> **ABOUT THIS EXERCISE**: Retype each record below word for word. Leave the pictures out.

RECORDS TO USE Block Start

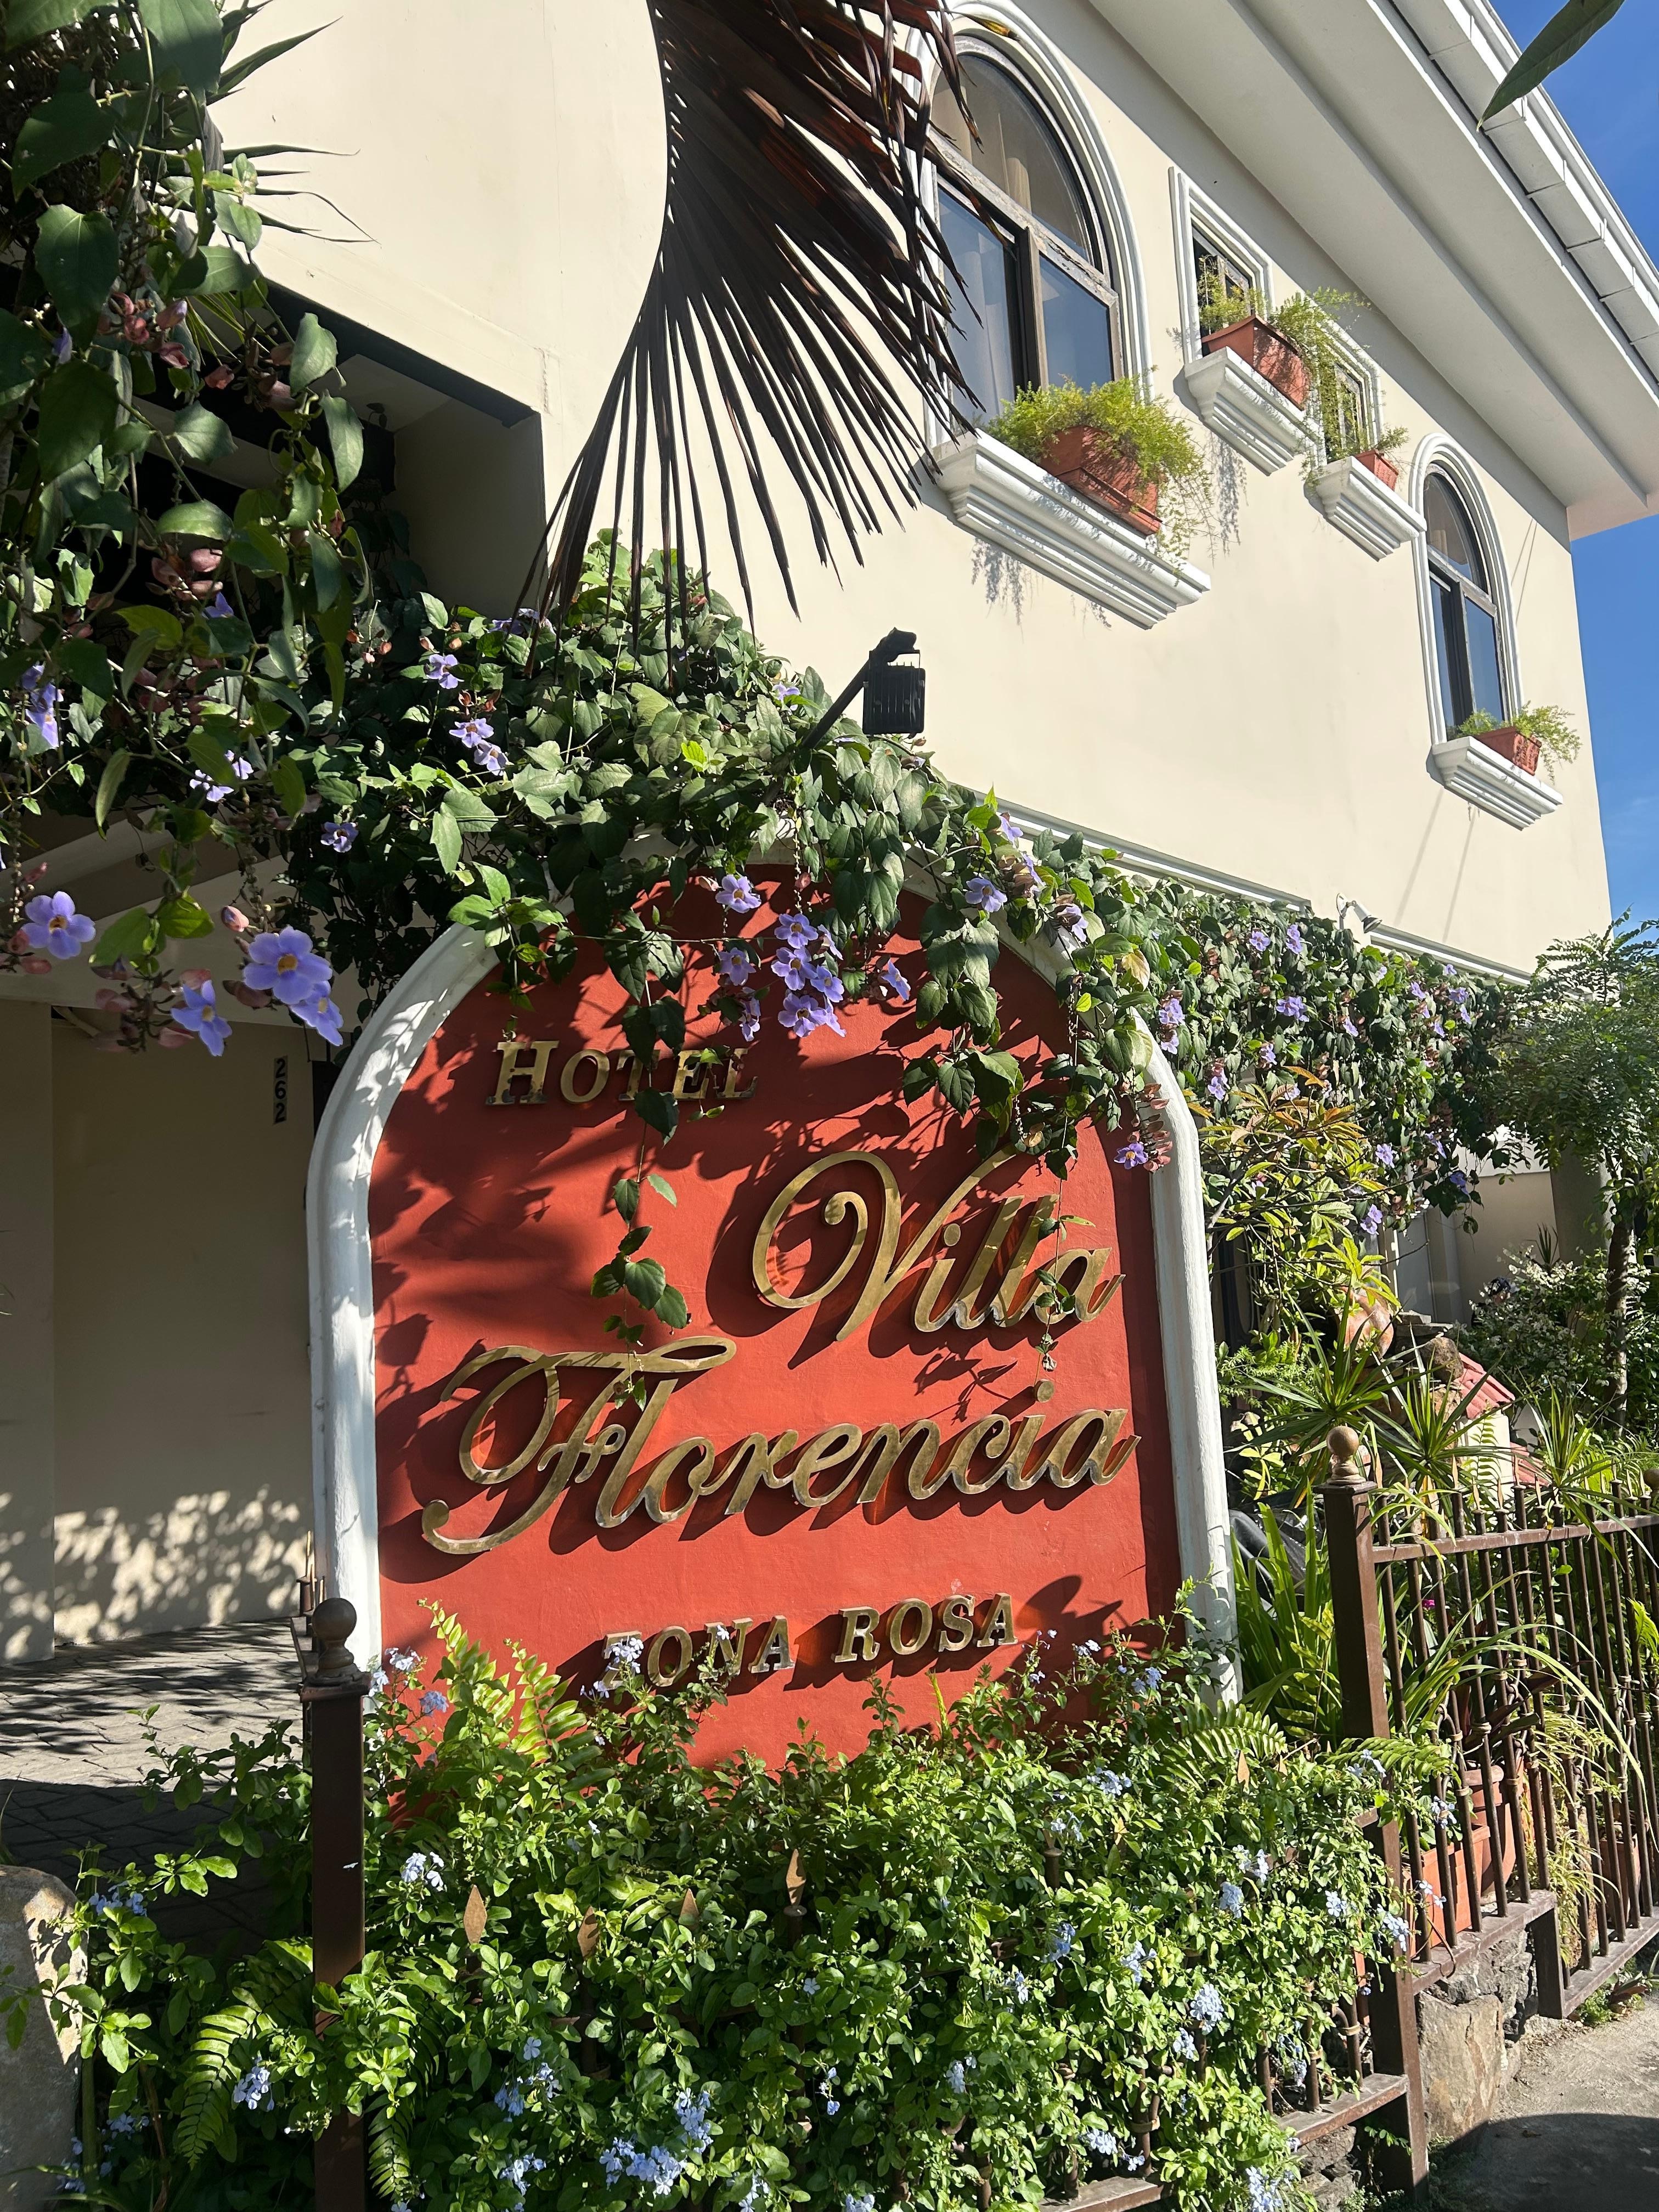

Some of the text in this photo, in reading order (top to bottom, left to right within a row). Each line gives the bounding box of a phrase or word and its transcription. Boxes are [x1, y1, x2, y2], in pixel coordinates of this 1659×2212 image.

[275, 1058, 286, 1122] 262
[485, 1040, 758, 1104] HOTEL
[752, 1142, 1126, 1341] Villa
[422, 1335, 1142, 1554] Florencia
[831, 1592, 1019, 1663] ROSA

RECORDS TO USE Block End

> **FINAL ANSWER**:
Some of the text in this photo, in reading order (top to bottom, left to right within a row). Each line gives the bounding box of a phrase or word and its transcription. Boxes are [x1, y1, x2, y2], in pixel coordinates of this 1659×2212 image.

[275, 1058, 286, 1122] 262
[485, 1040, 758, 1104] HOTEL
[752, 1142, 1126, 1341] Villa
[422, 1335, 1142, 1554] Florencia
[831, 1592, 1019, 1663] ROSA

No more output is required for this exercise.